Een bijkomende, meer subtielere vijand van het Romeinse Rijk was het christendom. Doordat de Romeinen in 70 na Chr. een joodse opstand in Jeruzalem neersloegen, raakten de joden in diaspora (=verspreiding). De joden en tot christenen bekeerde joden belandden in het hele Middellandse Zeegebied. De christenen hadden feitelijk totaal geen connectie met de vele Romeinse goden, de keizerverering of de weelde van de elite van het rijk.
Een niet te onderschatten gevolg was, zo stelt de documentaire, dat veel Romeinse aristocraten die zich tot het christendom hadden bekeerden afstand namen van de elite, ascetisch werden en zich alleen nog bezighielden met hun eigen heiligheid. Door deze brain drain verloor het Romeinse Rijk een groot deel van haar bestuurlijke en intellectuele elite. Uiteindelijk stond de bekeerde keizer Constantijn in 313 met het ‘Edict van tolerantie’ het christendom toe binnen het rijk. Hij liet in Jeruzalem de Heilige Grafkerk bouwen en in Rome de Sint-Pieter.
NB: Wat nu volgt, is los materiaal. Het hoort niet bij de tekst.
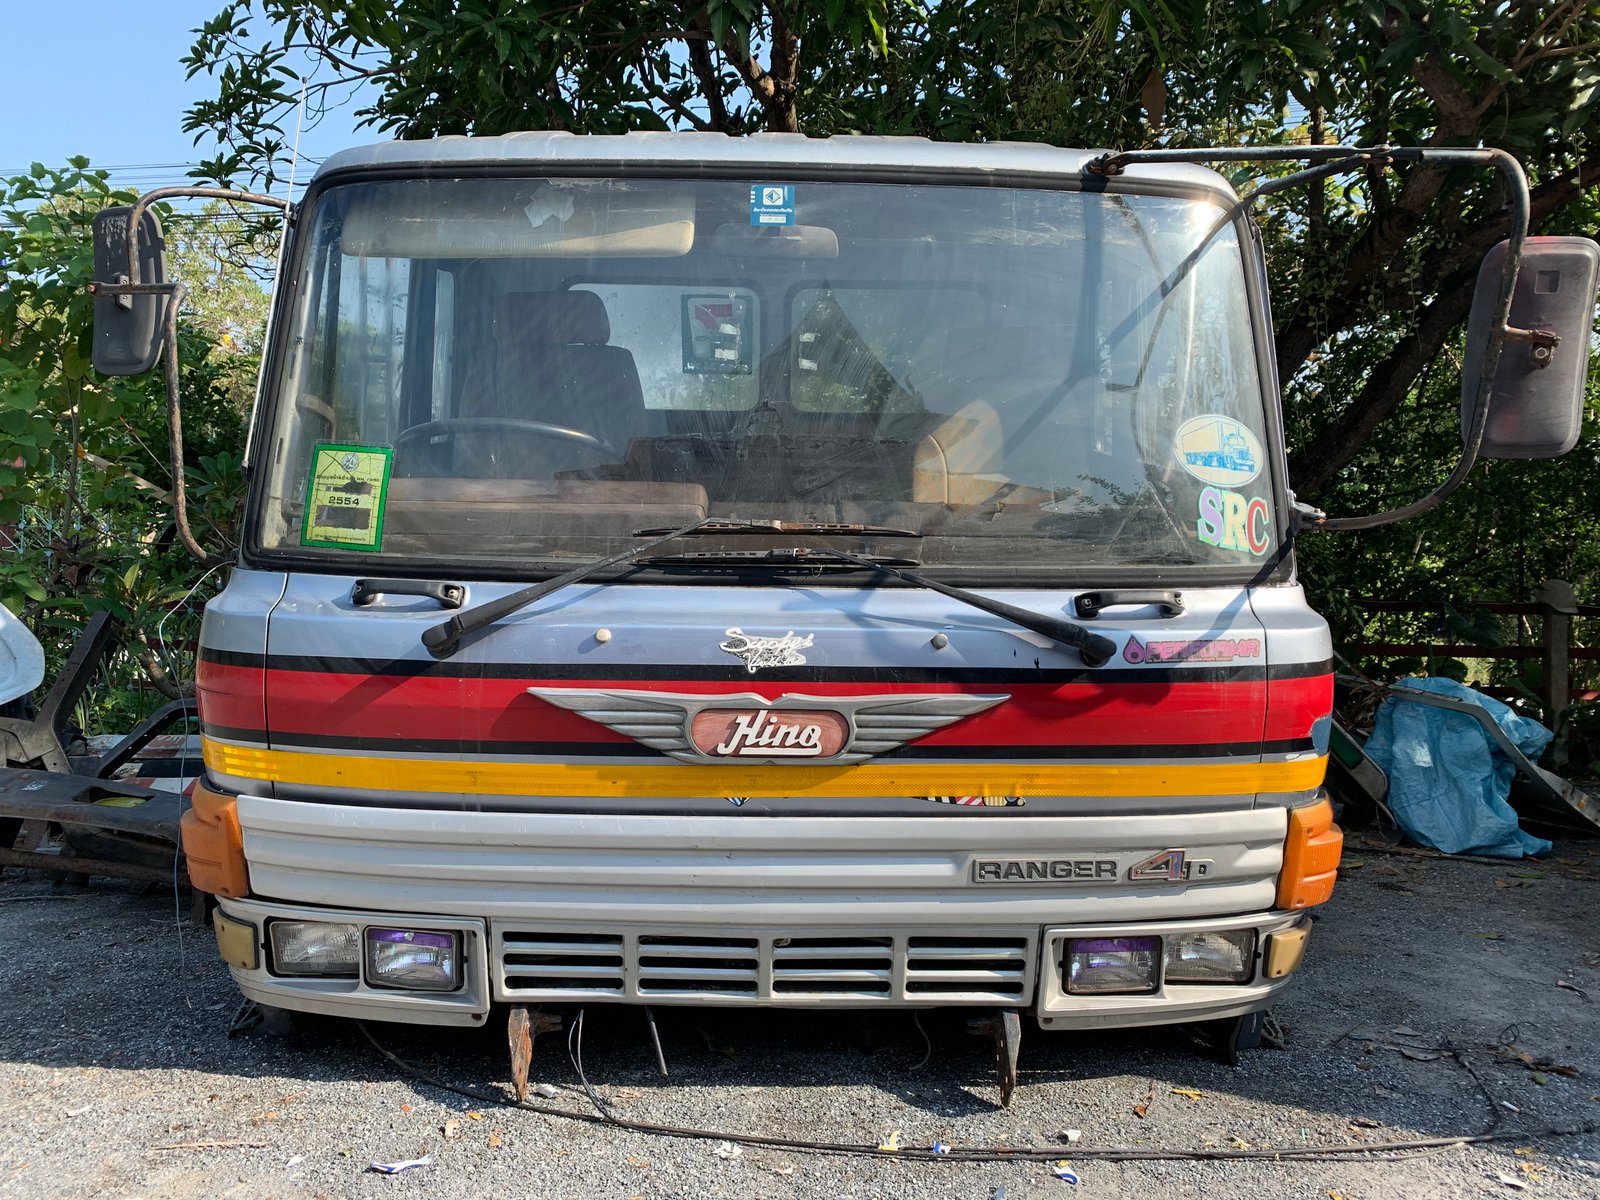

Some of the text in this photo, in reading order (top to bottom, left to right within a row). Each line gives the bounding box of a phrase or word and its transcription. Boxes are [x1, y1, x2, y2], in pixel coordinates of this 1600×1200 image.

[328, 496, 360, 506] 2554
[1197, 486, 1270, 556] SRC
[717, 709, 822, 755] Hino
[978, 861, 1117, 880] RANGER
Het christendom begroef alle adagia van het vroegere Romeinse Rijk: de paus en bisschoppen en niet de keizer werden leidende figuren, tempels verdwenen voor kerken en weelderige uitspattingen maakten plaats voor ascetisme, de talloze Romeinse goden maakten plaats voor één god. Typerend voor de omslag is dat toen de Visigoten in 410 Rome platliepen, de theoloog Augustinus dit in zijn beroemde boek De Stad van God aangreep als bewijs dat aardse rijken vergaan (zoals het Romeinse Rijk) en geestelijke rijken blijven bestaan (zoals de hemel).
Slot
De dvd-collectie Ancient Worlds biedt verrassende perspectieven op de groei, bloei en ondergang van de belangrijkste oude beschavingen. Als geheel is het een boeiende en leerzame serie, die zeker nieuwe inzichten oplevert over de (pre)historische samenlevingen in het Midden-Oosten.
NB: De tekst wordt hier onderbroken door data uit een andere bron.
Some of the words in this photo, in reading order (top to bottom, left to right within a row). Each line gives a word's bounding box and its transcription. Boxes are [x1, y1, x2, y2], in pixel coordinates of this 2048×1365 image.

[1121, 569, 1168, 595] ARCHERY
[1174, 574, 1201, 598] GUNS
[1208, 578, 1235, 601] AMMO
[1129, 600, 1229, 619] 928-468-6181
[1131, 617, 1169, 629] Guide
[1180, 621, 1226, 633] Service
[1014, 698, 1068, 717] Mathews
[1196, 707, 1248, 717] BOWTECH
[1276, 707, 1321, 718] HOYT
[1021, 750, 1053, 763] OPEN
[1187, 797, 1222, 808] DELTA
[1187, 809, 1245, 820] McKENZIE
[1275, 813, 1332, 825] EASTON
Soms miste ik wel het wetenschappelijke tegengeluid. Als de archeoloog Reichel spreekt over de spectaculaire vondst van de stad Hamoukar in Noord-Syrië, als zijnde een mogelijk net zo oude stad als Uruk, brengen de documentairemakers de tegenargumenten van andere archeologen onvoldoende in kaart. Alleen de ontdekker Reichel komt aan het woord en niet zijn opposanten. Reichel noemt ook geen overtuigende argumenten om de betrouwbaarheid van zijn vondst te onderstrepen.
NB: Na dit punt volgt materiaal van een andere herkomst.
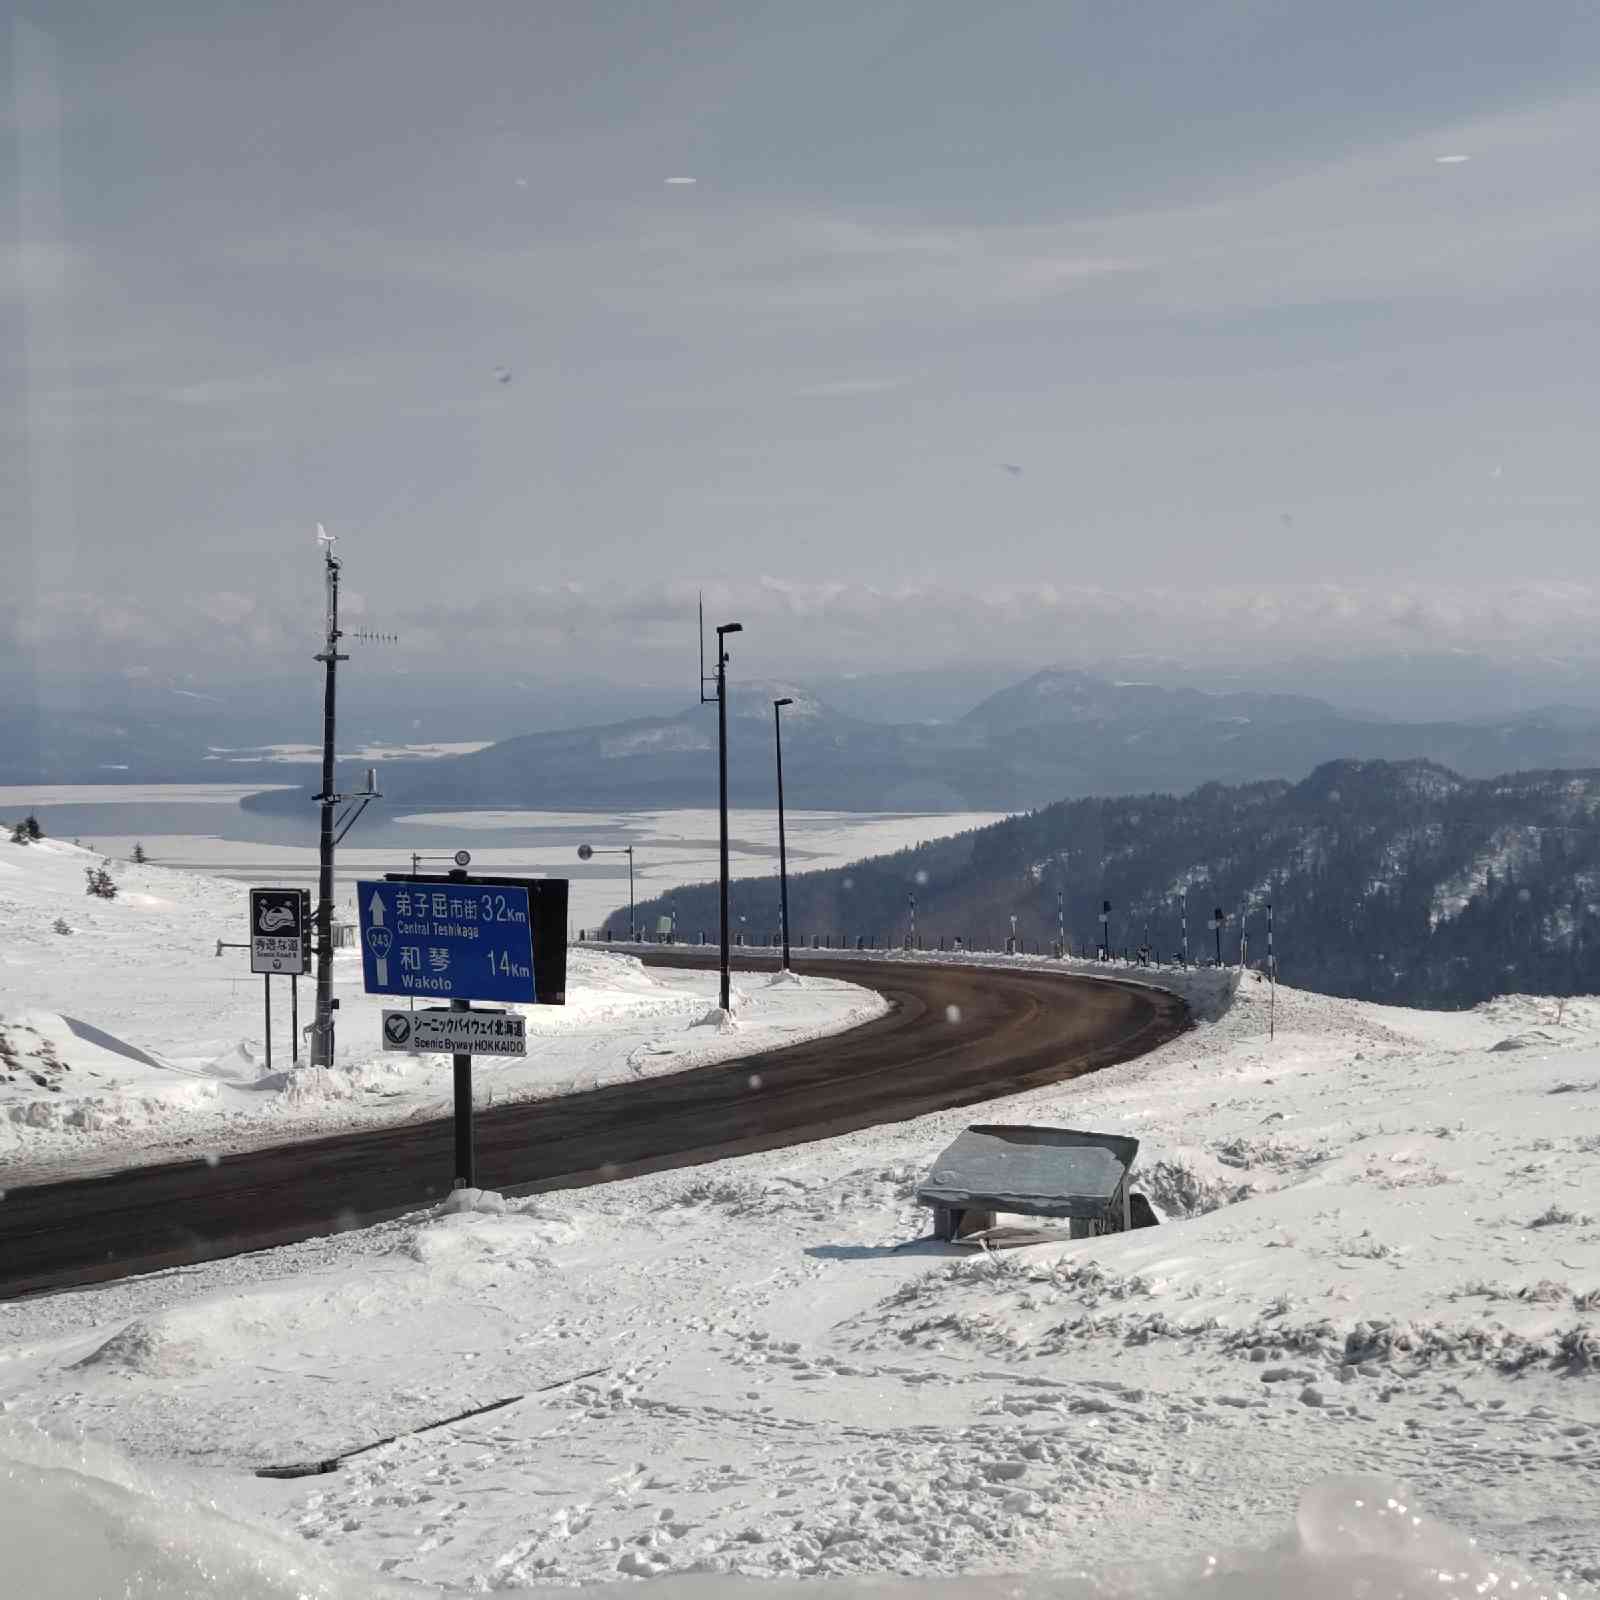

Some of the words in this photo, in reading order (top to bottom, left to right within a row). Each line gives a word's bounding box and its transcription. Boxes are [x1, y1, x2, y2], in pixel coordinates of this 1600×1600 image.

[397, 920, 430, 937] Central
[433, 922, 479, 939] Teshikaga
[401, 975, 452, 990] Wakoto
[414, 1016, 523, 1038] シーニックバイウェイ北海道
[414, 1037, 443, 1049] Scenic
[445, 1039, 473, 1053] Byway
[475, 1041, 524, 1053] HOKKAIDO
Daarnaast valt te betwijfelen of het christendom wel zo’n dominante factor was bij de val van het Romeinse Rijk. Zo was de economische ineenstorting van het Romanum imperium – zoals Peter Raedts, hoogleraar Middeleeuwse Geschiedenis aan de Radboud Universiteit in Nijmegen, in 2010 betoogde in Geschiedenis Magazine -, dé cruciale factor die het Romeinse Rijk kwetsbaar maakte. Want geld was nodig om het soldij te betalen en alleen met tevreden soldaten kun je een groot rijk verdedigen. Zoals Raedts schrijft:
Toch had het Romeinse leger de indringers onder controle kunnen krijgen, als niet in 430 een van die stammen, de Vandalen, was overgestoken naar Afrika en daar de rijkste provincie in het westen bezet had. In één klap was Rome zijn melkkoe kwijt en daardoor op een cruciaal moment niet meer in staat een groot leger op de been te houden. Nog twee keer heeft het Romeinse leger geprobeerd Afrika terug te veroveren, in 440 en in 468. Als dat gelukt was, zou het rijk in het westen waarschijnlijk overleefd hebben, maar de nederlaag in 468 betekende dat het rijk voorgoed zijn inkomsten kwijt was en dus ook zijn soldaten. (bron)
In 476 kwam er een einde aan het West-Romeinse Rijk.